## Prompt
Only the pictures should be dropped; copy the rest of the entries exactly.
──────── Working data ────────
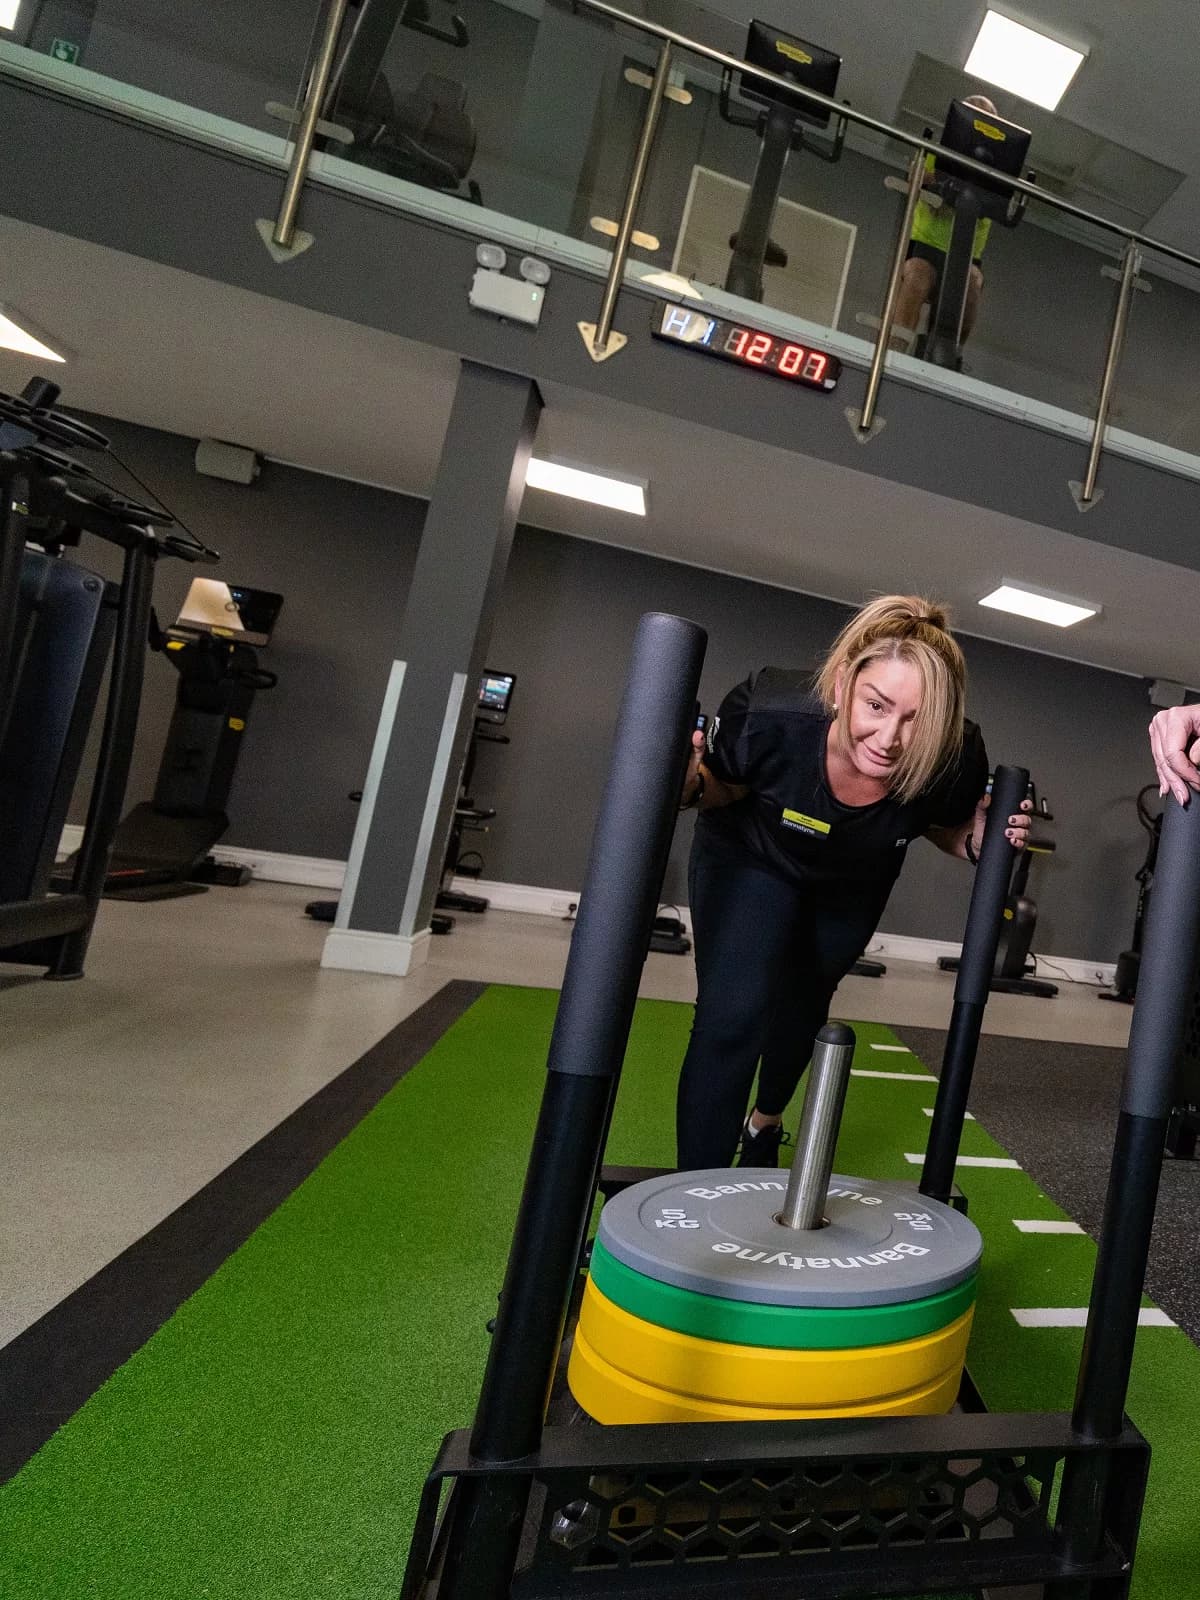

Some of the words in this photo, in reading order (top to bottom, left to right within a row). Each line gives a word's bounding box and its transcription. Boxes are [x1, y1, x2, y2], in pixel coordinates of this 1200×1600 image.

[684, 1181, 883, 1206] Bannne
[661, 1208, 687, 1219] 5
[655, 1219, 700, 1229] KG
[711, 1242, 931, 1270] Bannatyne
────────
## Written response
Some of the words in this photo, in reading order (top to bottom, left to right within a row). Each line gives a word's bounding box and its transcription. Boxes are [x1, y1, x2, y2], in pixel coordinates of this 1200×1600 image.

[684, 1181, 883, 1206] Bannne
[661, 1208, 687, 1219] 5
[655, 1219, 700, 1229] KG
[711, 1242, 931, 1270] Bannatyne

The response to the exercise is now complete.